_Brief:_
Could the data below be retyped exactly, without its pictures?

_Data under study:_
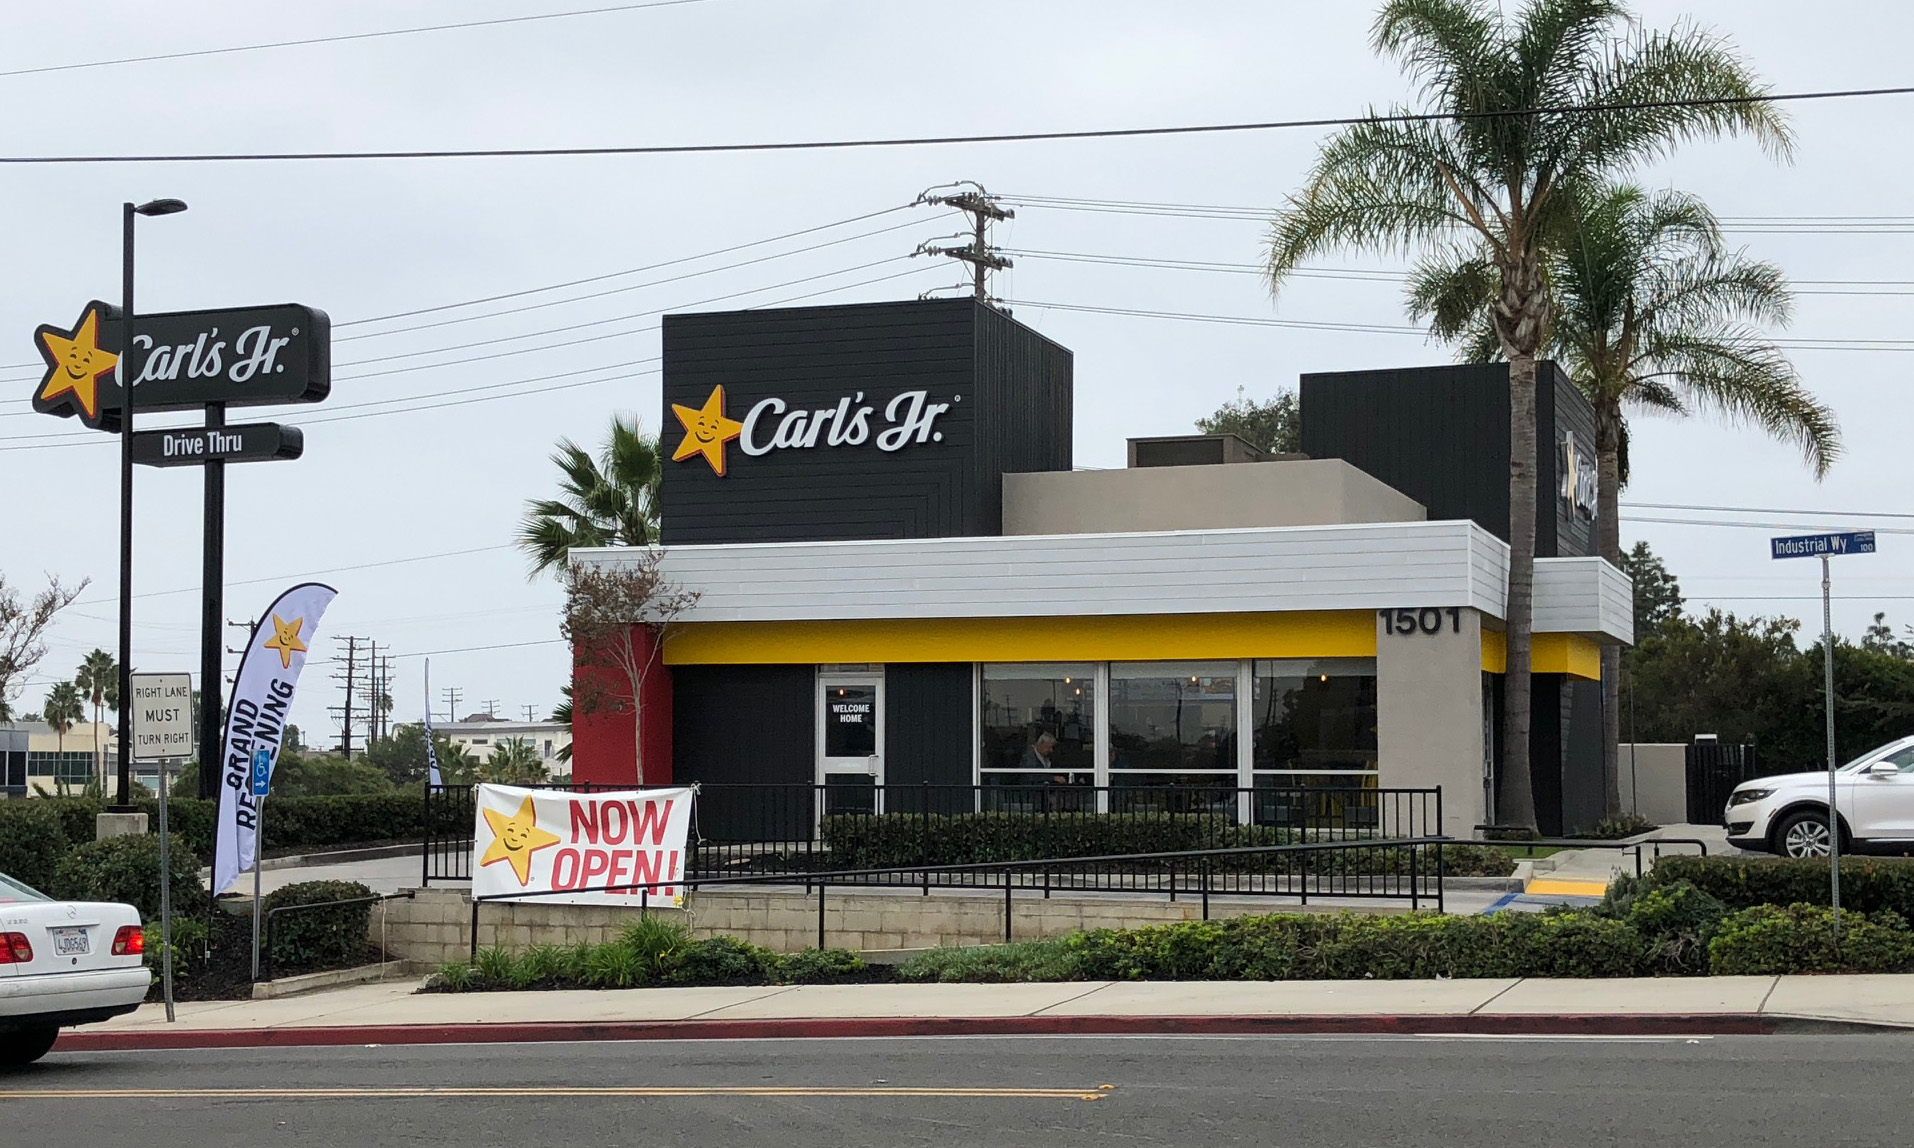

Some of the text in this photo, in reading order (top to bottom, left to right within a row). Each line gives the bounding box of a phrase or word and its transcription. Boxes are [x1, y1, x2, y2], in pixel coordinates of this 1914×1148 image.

[114, 325, 289, 388] Carl's Jr.
[740, 390, 949, 456] Carl's Jr.
[163, 431, 242, 457] Drive Thru
[1775, 537, 1828, 555] Industrial
[1830, 535, 1847, 554] Wy
[1860, 543, 1873, 552] 100
[1379, 606, 1460, 635] 1501
[136, 686, 188, 698] RIGHT LANE
[145, 708, 180, 722] MUST
[832, 704, 870, 713] WELCOME
[840, 714, 862, 723] HOME
[138, 732, 189, 745] TURN RIGHT
[569, 799, 674, 846] NOW
[551, 848, 679, 897] OPEN!
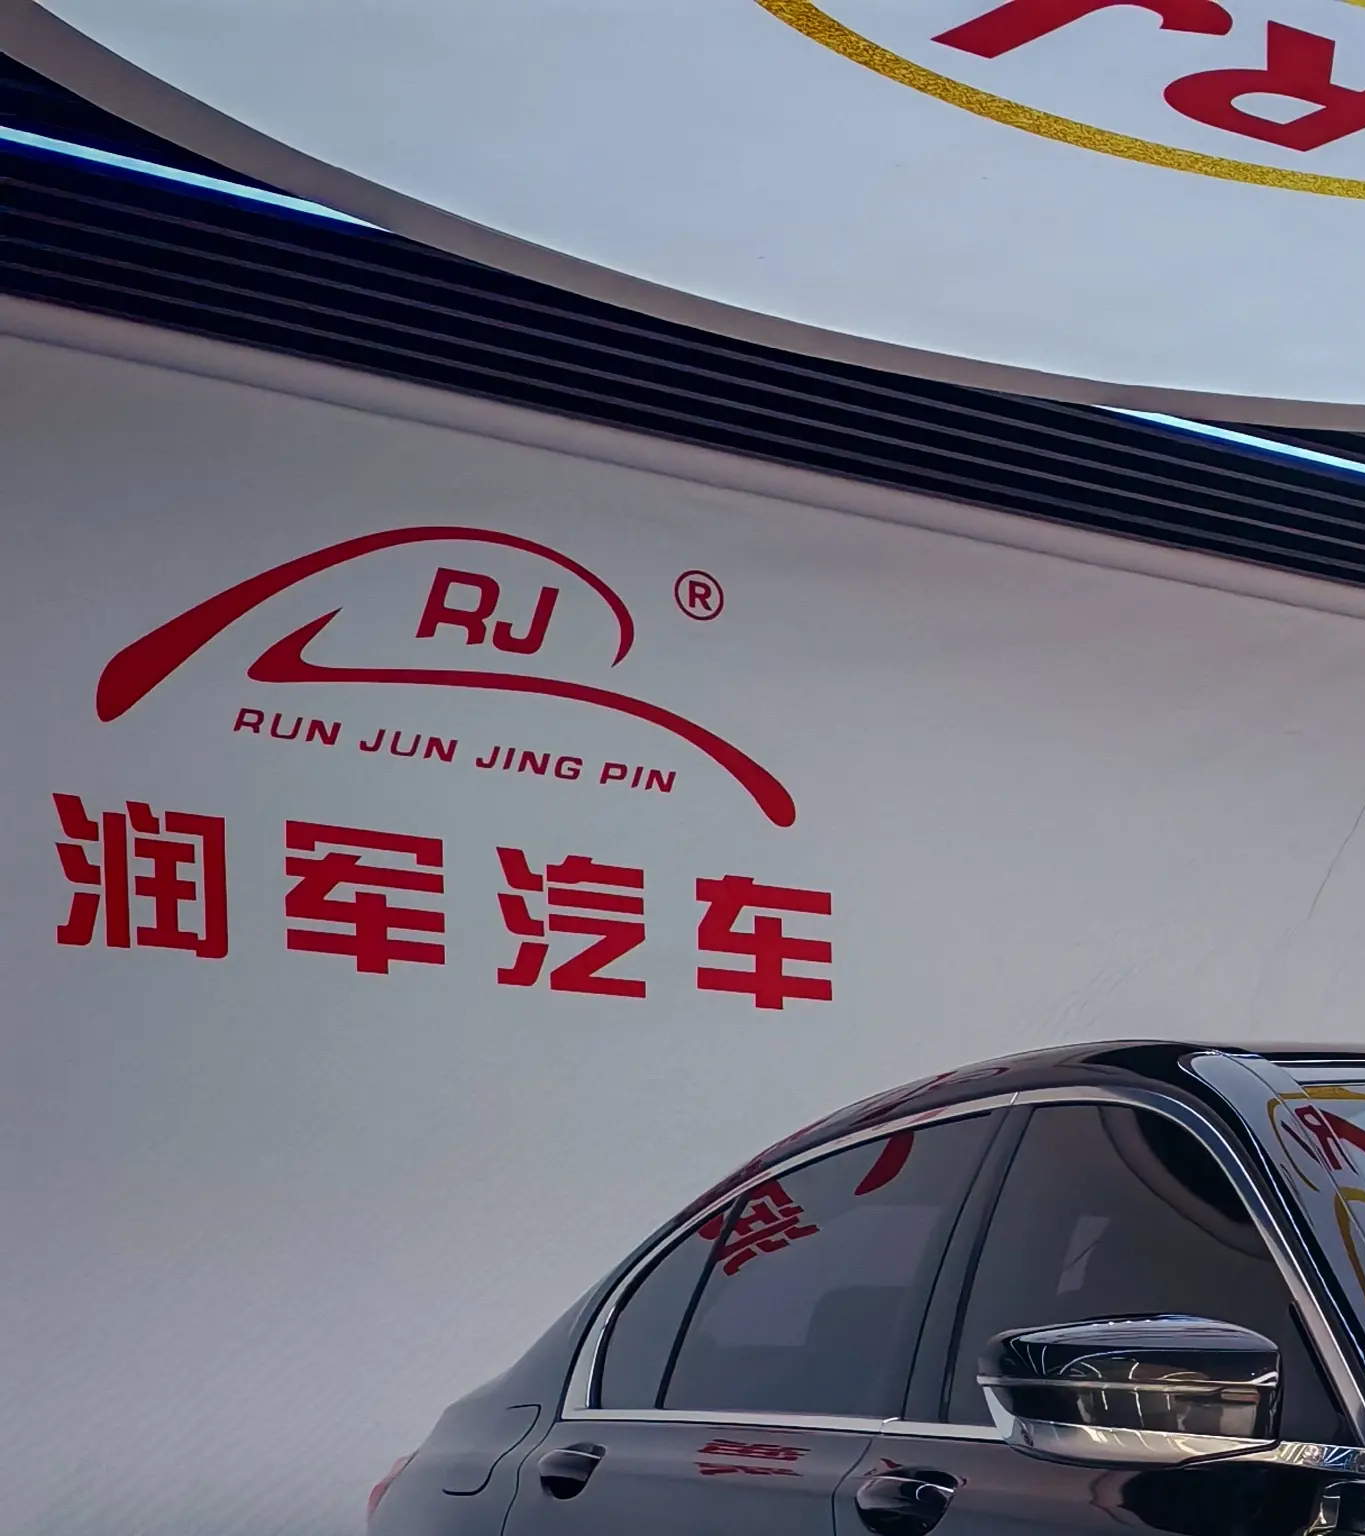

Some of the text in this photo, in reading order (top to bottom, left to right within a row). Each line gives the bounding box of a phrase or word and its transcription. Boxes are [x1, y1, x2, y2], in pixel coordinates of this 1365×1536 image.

[416, 567, 559, 655] RJ
[234, 707, 677, 793] RUN JUN JING PIN
[53, 792, 833, 1010] 润军汽车
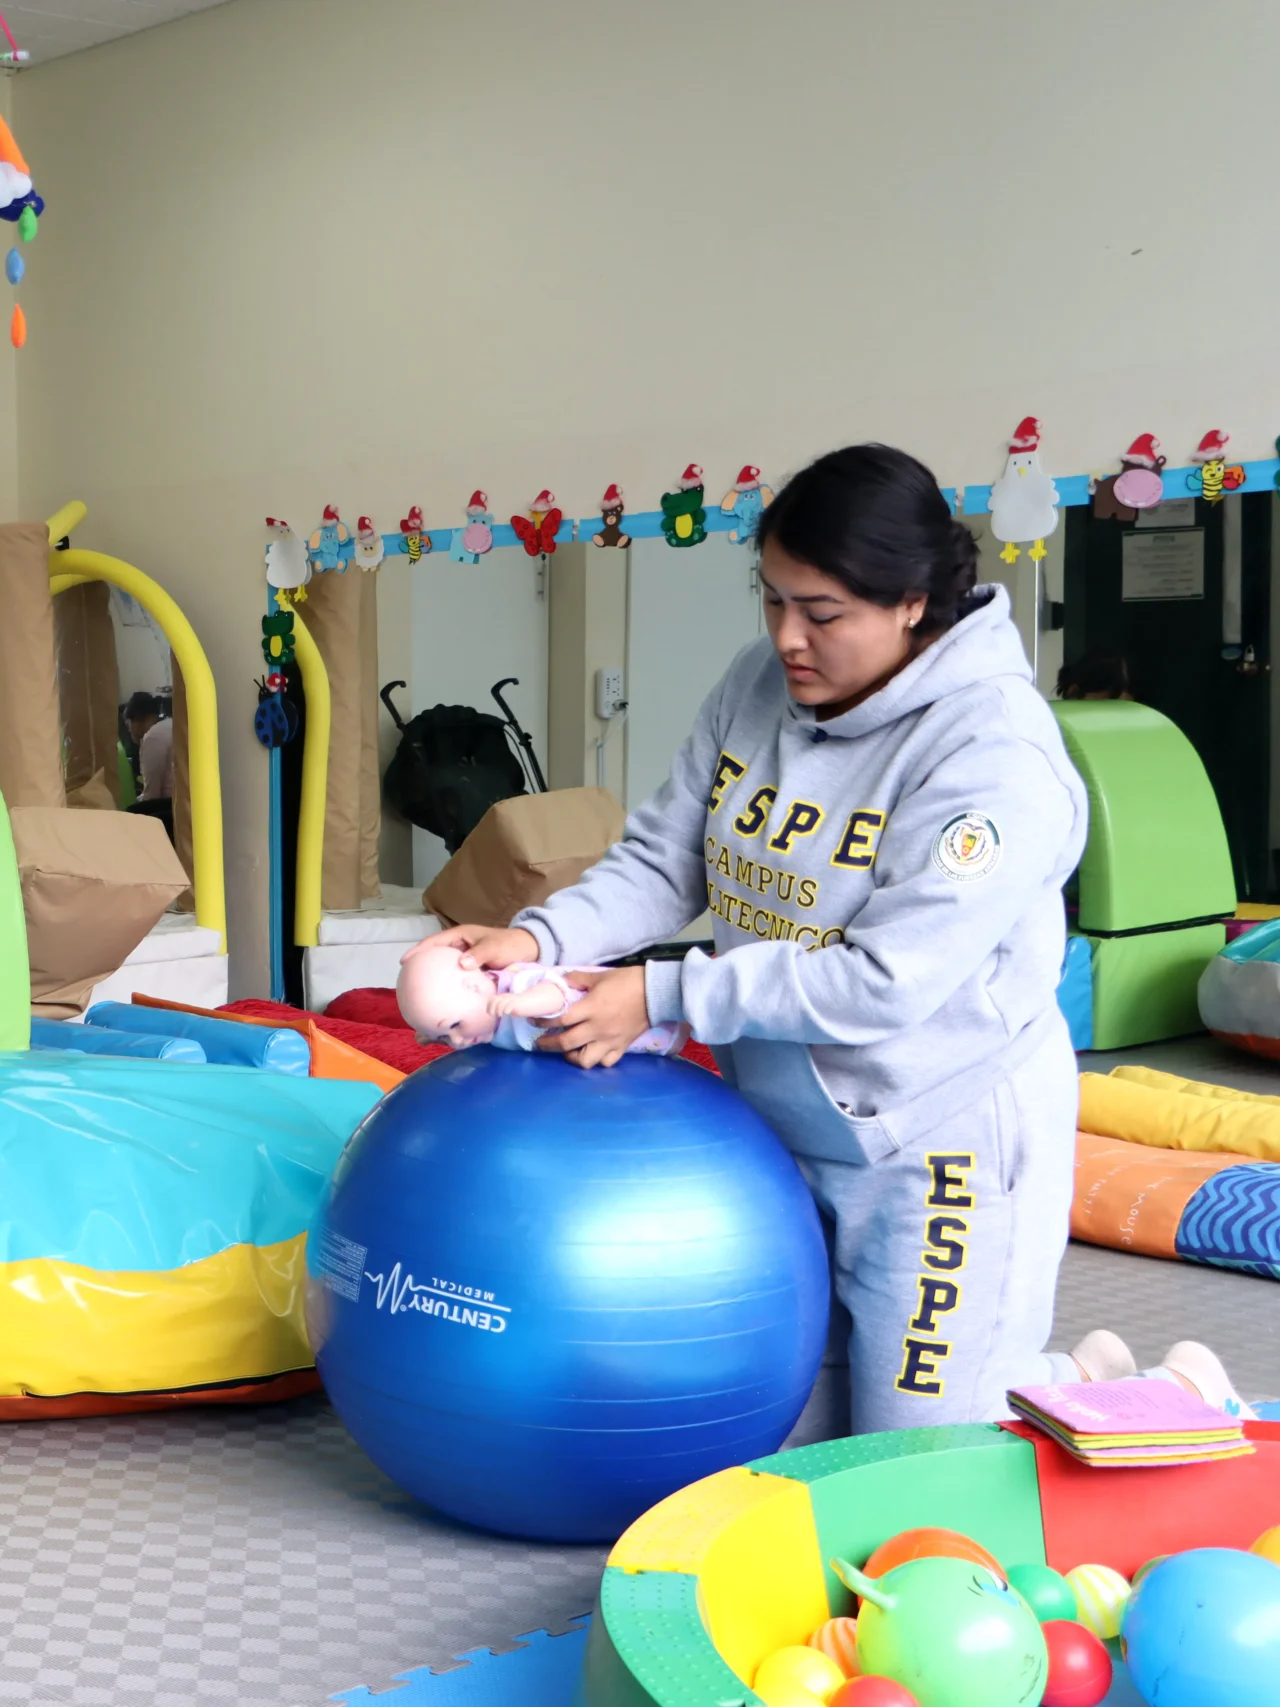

_Answer to this problem:_
Some of the text in this photo, in reading order (top to bottom, left to right within a row). Each line gives the bounding box of a phrase or word and its transcription. Boxes are [x1, y1, x2, y2], in pixel coordinates of this 1914×1148 image.

[114, 325, 289, 388] Carl's Jr.
[740, 390, 949, 456] Carl's Jr.
[163, 431, 242, 457] Drive Thru
[1775, 537, 1828, 555] Industrial
[1830, 535, 1847, 554] Wy
[1860, 543, 1873, 552] 100
[1379, 606, 1460, 635] 1501
[136, 686, 188, 698] RIGHT LANE
[145, 708, 180, 722] MUST
[832, 704, 870, 713] WELCOME
[840, 714, 862, 723] HOME
[138, 732, 189, 745] TURN RIGHT
[569, 799, 674, 846] NOW
[551, 848, 679, 897] OPEN!

Some of the text in this photo, in reading order (top to bottom, left to right within a row). Each line gives the bounding box of a phrase or word and its transcription. Boxes are [x1, y1, x2, y2], in pixel coordinates of this 1365×1536 image.

[416, 567, 559, 655] RJ
[234, 707, 677, 793] RUN JUN JING PIN
[53, 792, 833, 1010] 润军汽车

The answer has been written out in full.